- **Source data**:
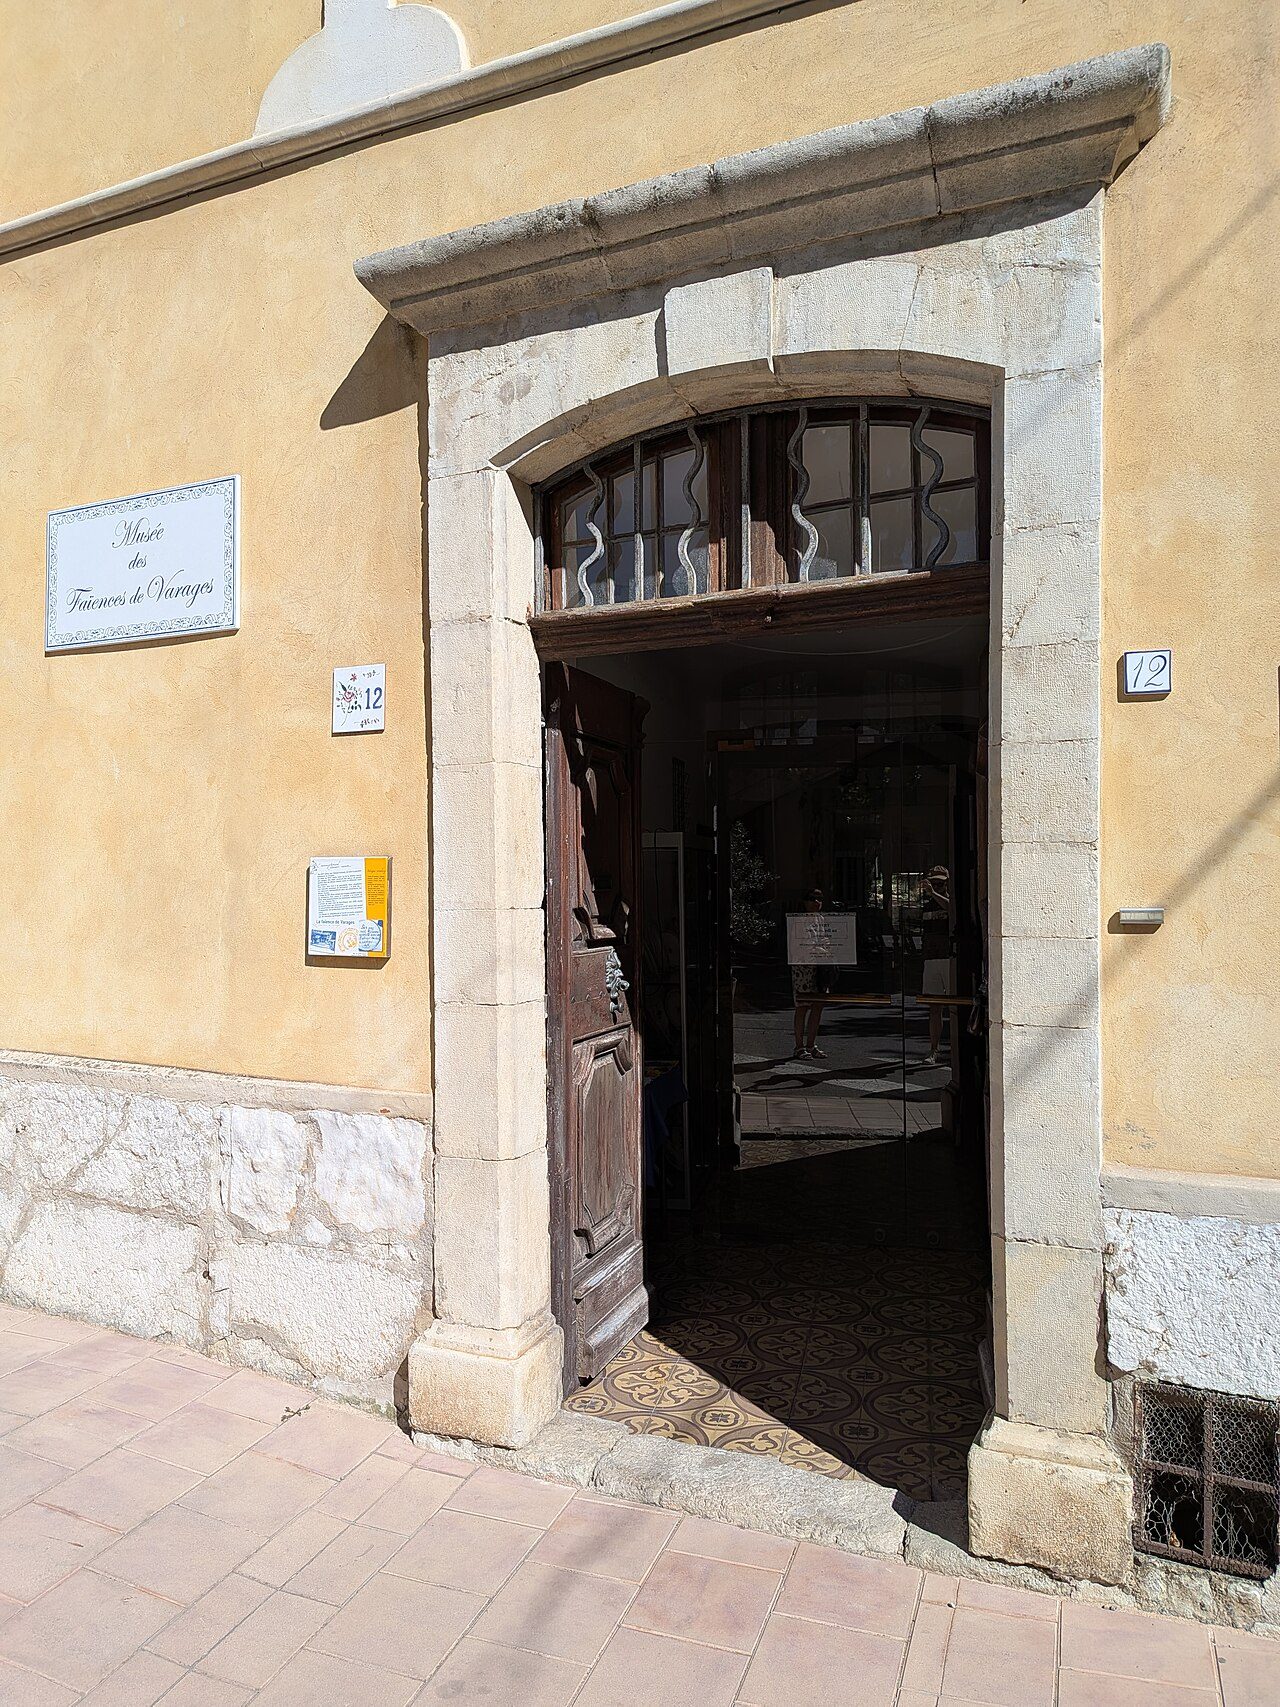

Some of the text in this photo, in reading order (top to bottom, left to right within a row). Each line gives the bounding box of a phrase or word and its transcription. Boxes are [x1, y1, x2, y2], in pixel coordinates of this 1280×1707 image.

[112, 517, 164, 548] Musée
[128, 552, 147, 570] des
[129, 586, 144, 604] de
[147, 569, 214, 608] Varages
[1133, 655, 1167, 688] 12
[365, 687, 382, 710] 12
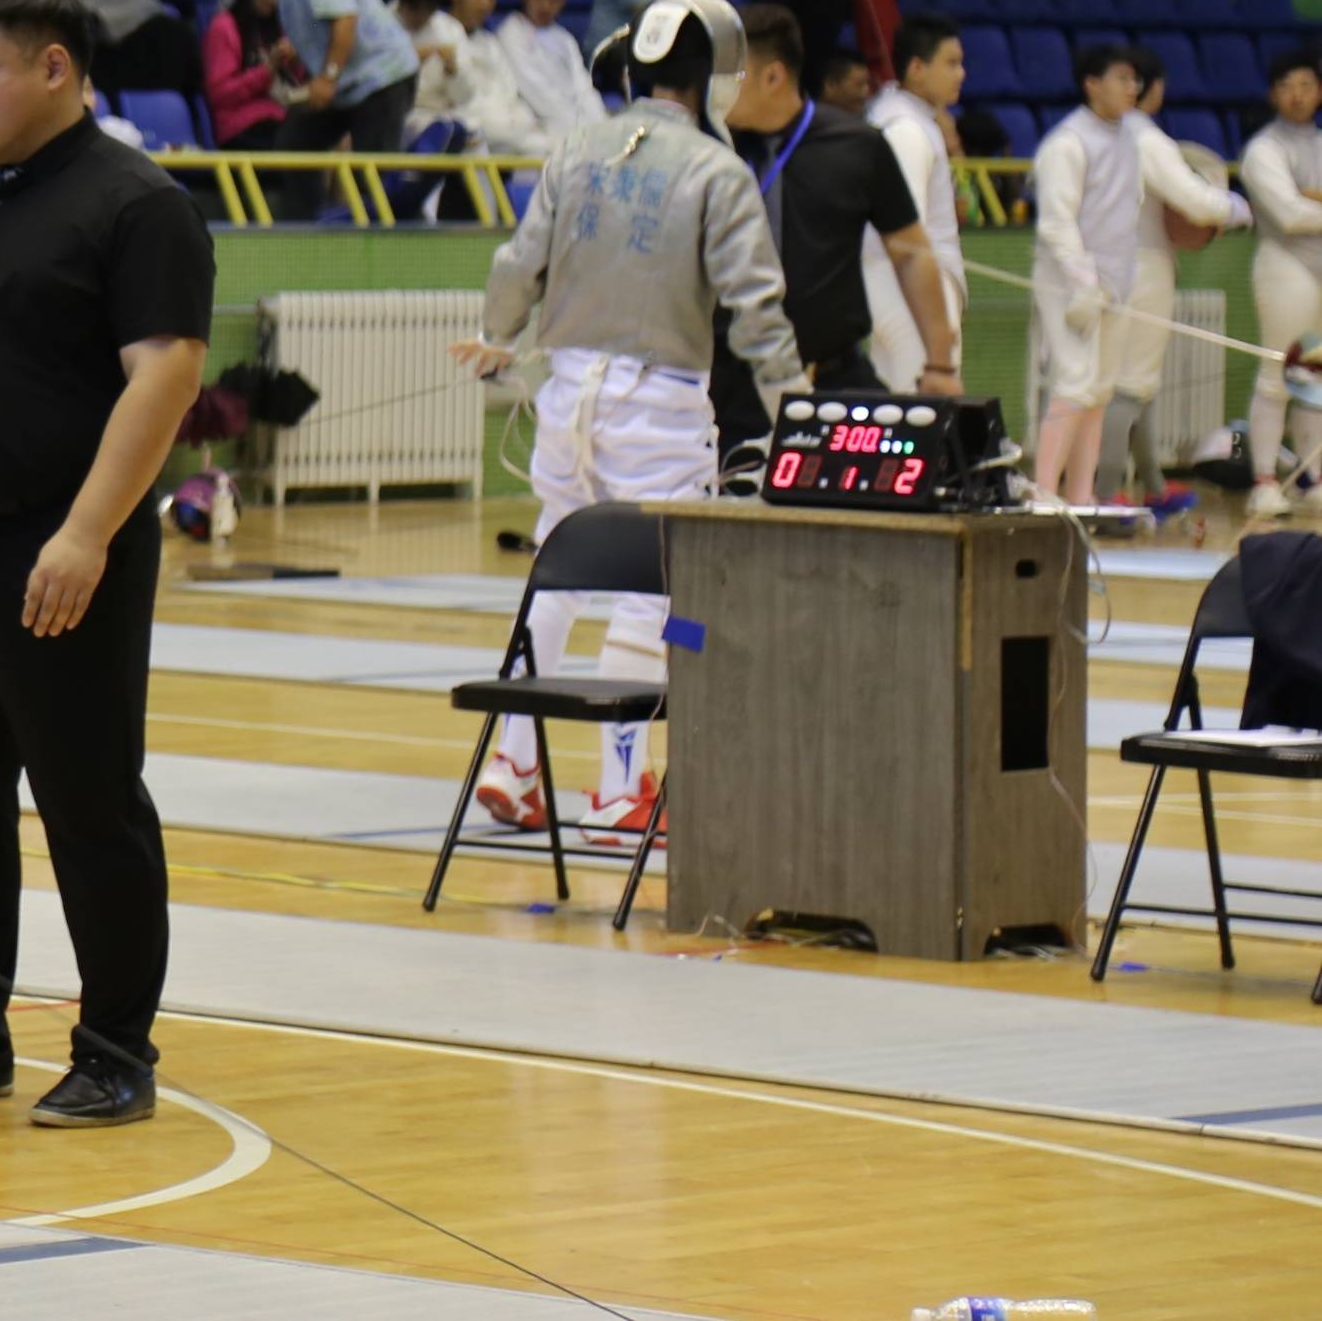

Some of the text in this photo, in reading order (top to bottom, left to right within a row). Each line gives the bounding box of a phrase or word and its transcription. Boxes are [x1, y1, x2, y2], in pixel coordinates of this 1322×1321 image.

[772, 452, 925, 495] 0 1 2
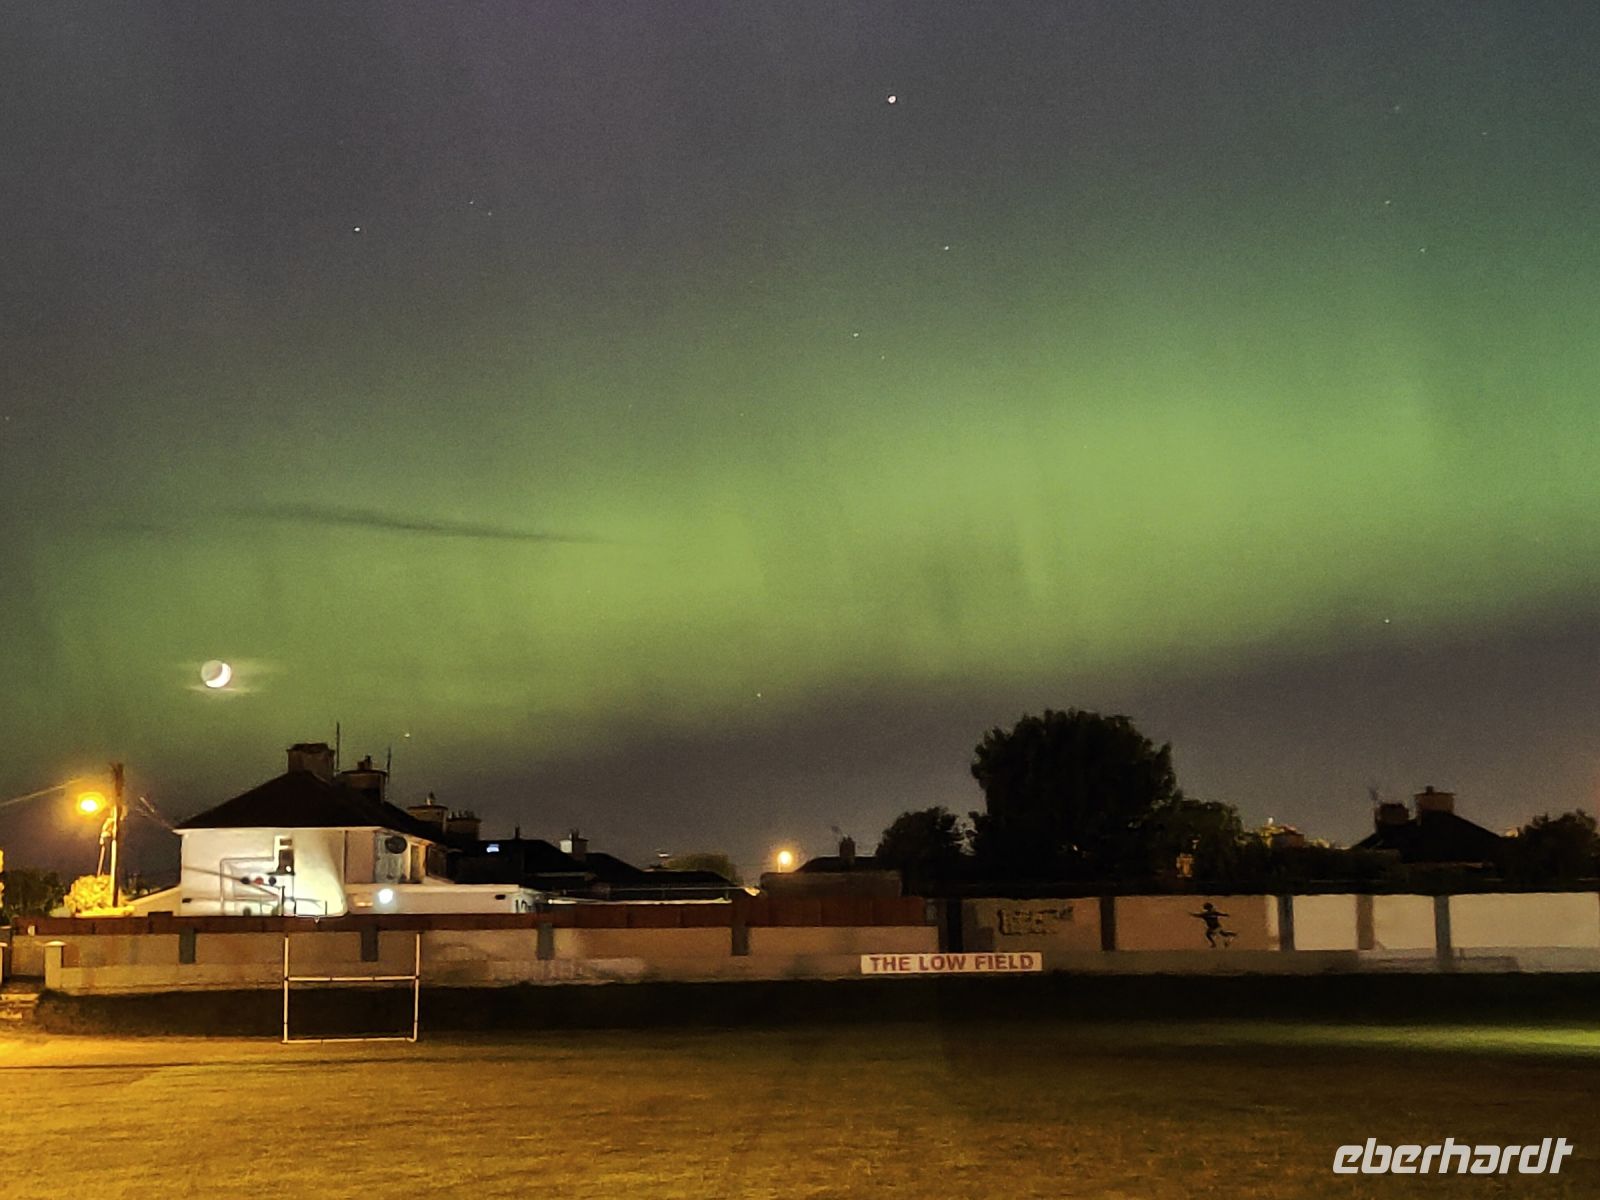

- **Assignment**: Print out all the material word for word but exclude any images.

- **Output below**:
Some of the text in this photo, in reading order (top to bottom, left to right within a row). Each line gives the bounding box of a phrase or word and its transcription. Boxes are [x1, y1, x2, y2], in pixel coordinates of this 1280×1707 image.

[112, 517, 164, 548] Musée
[128, 552, 147, 570] des
[129, 586, 144, 604] de
[147, 569, 214, 608] Varages
[1133, 655, 1167, 688] 12
[365, 687, 382, 710] 12

Some of the text in this photo, in reading order (top to bottom, left to right within a row). Each line gives the bounding box of a phrase or word and its transcription. Boxes are [x1, y1, x2, y2], in pixel coordinates of this 1322×1321 image.

[772, 452, 925, 495] 0 1 2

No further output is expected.